#### Supplied data
============================================================

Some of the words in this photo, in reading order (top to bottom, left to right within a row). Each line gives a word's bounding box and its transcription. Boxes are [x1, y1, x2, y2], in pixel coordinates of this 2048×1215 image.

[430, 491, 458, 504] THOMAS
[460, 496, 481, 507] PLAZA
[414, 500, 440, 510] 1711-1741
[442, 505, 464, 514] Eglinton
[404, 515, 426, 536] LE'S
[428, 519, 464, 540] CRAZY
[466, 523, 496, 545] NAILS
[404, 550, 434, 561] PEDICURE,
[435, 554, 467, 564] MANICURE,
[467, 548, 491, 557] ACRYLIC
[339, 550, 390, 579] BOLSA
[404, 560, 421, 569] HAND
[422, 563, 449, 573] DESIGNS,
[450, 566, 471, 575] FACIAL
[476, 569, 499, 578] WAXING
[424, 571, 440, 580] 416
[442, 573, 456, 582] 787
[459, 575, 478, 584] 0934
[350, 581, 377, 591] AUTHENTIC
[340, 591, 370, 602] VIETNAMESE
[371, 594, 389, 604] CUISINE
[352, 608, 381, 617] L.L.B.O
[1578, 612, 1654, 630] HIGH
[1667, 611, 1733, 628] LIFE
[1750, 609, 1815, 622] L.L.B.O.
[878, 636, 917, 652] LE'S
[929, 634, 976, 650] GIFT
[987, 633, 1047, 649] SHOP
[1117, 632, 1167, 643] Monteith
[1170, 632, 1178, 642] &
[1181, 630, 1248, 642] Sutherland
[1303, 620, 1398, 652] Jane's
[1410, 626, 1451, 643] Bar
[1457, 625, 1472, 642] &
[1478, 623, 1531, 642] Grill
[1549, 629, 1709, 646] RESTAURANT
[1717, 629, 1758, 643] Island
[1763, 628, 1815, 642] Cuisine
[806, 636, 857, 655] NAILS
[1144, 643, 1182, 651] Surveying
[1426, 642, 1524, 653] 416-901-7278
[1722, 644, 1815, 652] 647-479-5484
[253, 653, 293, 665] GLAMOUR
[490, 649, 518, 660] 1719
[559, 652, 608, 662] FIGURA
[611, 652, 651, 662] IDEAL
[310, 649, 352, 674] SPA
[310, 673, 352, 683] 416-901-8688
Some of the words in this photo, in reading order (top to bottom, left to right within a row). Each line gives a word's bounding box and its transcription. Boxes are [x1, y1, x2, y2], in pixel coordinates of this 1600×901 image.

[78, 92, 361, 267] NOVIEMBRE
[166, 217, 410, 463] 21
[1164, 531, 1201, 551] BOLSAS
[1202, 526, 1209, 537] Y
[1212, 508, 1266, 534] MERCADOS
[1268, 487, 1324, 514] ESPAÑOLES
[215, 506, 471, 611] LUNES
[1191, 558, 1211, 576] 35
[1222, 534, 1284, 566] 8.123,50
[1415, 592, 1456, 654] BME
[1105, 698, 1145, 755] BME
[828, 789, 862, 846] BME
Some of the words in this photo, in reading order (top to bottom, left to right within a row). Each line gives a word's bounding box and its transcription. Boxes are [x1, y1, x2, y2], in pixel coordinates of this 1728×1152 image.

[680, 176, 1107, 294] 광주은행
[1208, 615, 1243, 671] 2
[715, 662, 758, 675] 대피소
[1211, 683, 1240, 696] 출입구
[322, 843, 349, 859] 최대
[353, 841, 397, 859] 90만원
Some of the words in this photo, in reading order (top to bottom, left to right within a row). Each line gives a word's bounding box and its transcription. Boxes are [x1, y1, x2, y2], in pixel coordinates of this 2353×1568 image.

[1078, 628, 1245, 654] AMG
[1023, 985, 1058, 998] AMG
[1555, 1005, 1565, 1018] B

============================================================

#### Task requirements
Give back the whole listing above. Keep every character the same.

#### Answer below
Some of the words in this photo, in reading order (top to bottom, left to right within a row). Each line gives a word's bounding box and its transcription. Boxes are [x1, y1, x2, y2], in pixel coordinates of this 2048×1215 image.

[430, 491, 458, 504] THOMAS
[460, 496, 481, 507] PLAZA
[414, 500, 440, 510] 1711-1741
[442, 505, 464, 514] Eglinton
[404, 515, 426, 536] LE'S
[428, 519, 464, 540] CRAZY
[466, 523, 496, 545] NAILS
[404, 550, 434, 561] PEDICURE,
[435, 554, 467, 564] MANICURE,
[467, 548, 491, 557] ACRYLIC
[339, 550, 390, 579] BOLSA
[404, 560, 421, 569] HAND
[422, 563, 449, 573] DESIGNS,
[450, 566, 471, 575] FACIAL
[476, 569, 499, 578] WAXING
[424, 571, 440, 580] 416
[442, 573, 456, 582] 787
[459, 575, 478, 584] 0934
[350, 581, 377, 591] AUTHENTIC
[340, 591, 370, 602] VIETNAMESE
[371, 594, 389, 604] CUISINE
[352, 608, 381, 617] L.L.B.O
[1578, 612, 1654, 630] HIGH
[1667, 611, 1733, 628] LIFE
[1750, 609, 1815, 622] L.L.B.O.
[878, 636, 917, 652] LE'S
[929, 634, 976, 650] GIFT
[987, 633, 1047, 649] SHOP
[1117, 632, 1167, 643] Monteith
[1170, 632, 1178, 642] &
[1181, 630, 1248, 642] Sutherland
[1303, 620, 1398, 652] Jane's
[1410, 626, 1451, 643] Bar
[1457, 625, 1472, 642] &
[1478, 623, 1531, 642] Grill
[1549, 629, 1709, 646] RESTAURANT
[1717, 629, 1758, 643] Island
[1763, 628, 1815, 642] Cuisine
[806, 636, 857, 655] NAILS
[1144, 643, 1182, 651] Surveying
[1426, 642, 1524, 653] 416-901-7278
[1722, 644, 1815, 652] 647-479-5484
[253, 653, 293, 665] GLAMOUR
[490, 649, 518, 660] 1719
[559, 652, 608, 662] FIGURA
[611, 652, 651, 662] IDEAL
[310, 649, 352, 674] SPA
[310, 673, 352, 683] 416-901-8688
Some of the words in this photo, in reading order (top to bottom, left to right within a row). Each line gives a word's bounding box and its transcription. Boxes are [x1, y1, x2, y2], in pixel coordinates of this 1600×901 image.

[78, 92, 361, 267] NOVIEMBRE
[166, 217, 410, 463] 21
[1164, 531, 1201, 551] BOLSAS
[1202, 526, 1209, 537] Y
[1212, 508, 1266, 534] MERCADOS
[1268, 487, 1324, 514] ESPAÑOLES
[215, 506, 471, 611] LUNES
[1191, 558, 1211, 576] 35
[1222, 534, 1284, 566] 8.123,50
[1415, 592, 1456, 654] BME
[1105, 698, 1145, 755] BME
[828, 789, 862, 846] BME
Some of the words in this photo, in reading order (top to bottom, left to right within a row). Each line gives a word's bounding box and its transcription. Boxes are [x1, y1, x2, y2], in pixel coordinates of this 1728×1152 image.

[680, 176, 1107, 294] 광주은행
[1208, 615, 1243, 671] 2
[715, 662, 758, 675] 대피소
[1211, 683, 1240, 696] 출입구
[322, 843, 349, 859] 최대
[353, 841, 397, 859] 90만원
Some of the words in this photo, in reading order (top to bottom, left to right within a row). Each line gives a word's bounding box and its transcription. Boxes are [x1, y1, x2, y2], in pixel coordinates of this 2353×1568 image.

[1078, 628, 1245, 654] AMG
[1023, 985, 1058, 998] AMG
[1555, 1005, 1565, 1018] B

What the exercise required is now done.